_Supplied material_

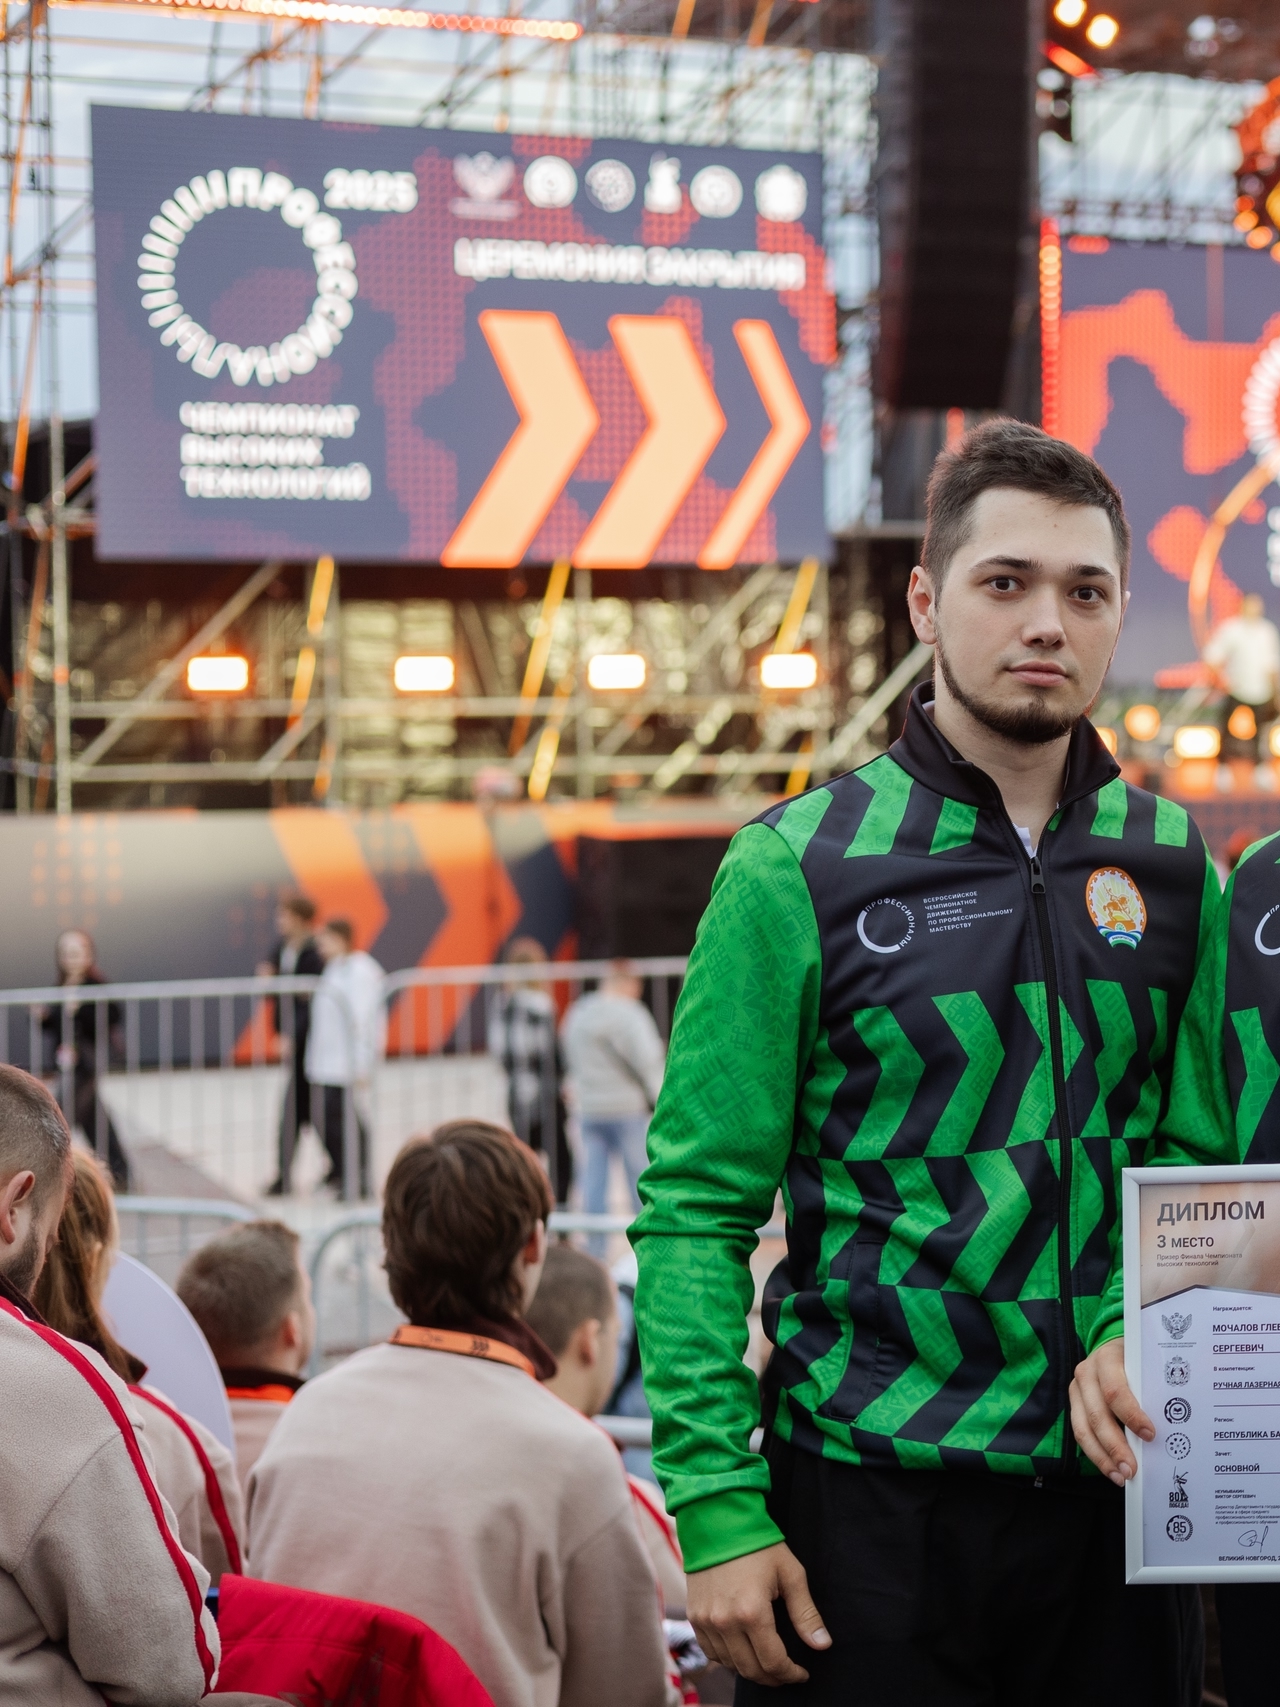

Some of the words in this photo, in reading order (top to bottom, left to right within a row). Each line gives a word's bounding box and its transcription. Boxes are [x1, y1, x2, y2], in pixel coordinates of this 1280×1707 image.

[323, 168, 418, 212] 2025
[923, 891, 978, 904] ВСЕРОССИЙСКОЕ
[924, 898, 977, 910] ЧЕМПИОНАТНОЕ
[926, 908, 963, 919] ДВИЖЕНИЕ
[938, 908, 1014, 924] ПРОФЕССИОНАЛЬНОМУ
[865, 897, 915, 947] ПРОФЕССИОНАЛЫ
[930, 922, 972, 933] МАСТЕРСТВУ
[1157, 1201, 1265, 1226] ДИПЛОМ
[1157, 1235, 1166, 1248] 3
[1172, 1236, 1214, 1248] МЕСТО
[1213, 1324, 1258, 1332] МОЧАЛОВ
[1213, 1344, 1264, 1352] СЕРГЕЕВИЧ
[1214, 1431, 1268, 1439] РЕСПУБЛИКА
[1214, 1463, 1260, 1472] ОСНОВНОЙ
[1173, 1522, 1186, 1534] 85

_Exercise goal_
Write out every record above exactly as it stands, but leave out the pictures.

_Result of this exercise_
Some of the words in this photo, in reading order (top to bottom, left to right within a row). Each line gives a word's bounding box and its transcription. Boxes are [x1, y1, x2, y2], in pixel coordinates of this 1280×1707 image.

[323, 168, 418, 212] 2025
[923, 891, 978, 904] ВСЕРОССИЙСКОЕ
[924, 898, 977, 910] ЧЕМПИОНАТНОЕ
[926, 908, 963, 919] ДВИЖЕНИЕ
[938, 908, 1014, 924] ПРОФЕССИОНАЛЬНОМУ
[865, 897, 915, 947] ПРОФЕССИОНАЛЫ
[930, 922, 972, 933] МАСТЕРСТВУ
[1157, 1201, 1265, 1226] ДИПЛОМ
[1157, 1235, 1166, 1248] 3
[1172, 1236, 1214, 1248] МЕСТО
[1213, 1324, 1258, 1332] МОЧАЛОВ
[1213, 1344, 1264, 1352] СЕРГЕЕВИЧ
[1214, 1431, 1268, 1439] РЕСПУБЛИКА
[1214, 1463, 1260, 1472] ОСНОВНОЙ
[1173, 1522, 1186, 1534] 85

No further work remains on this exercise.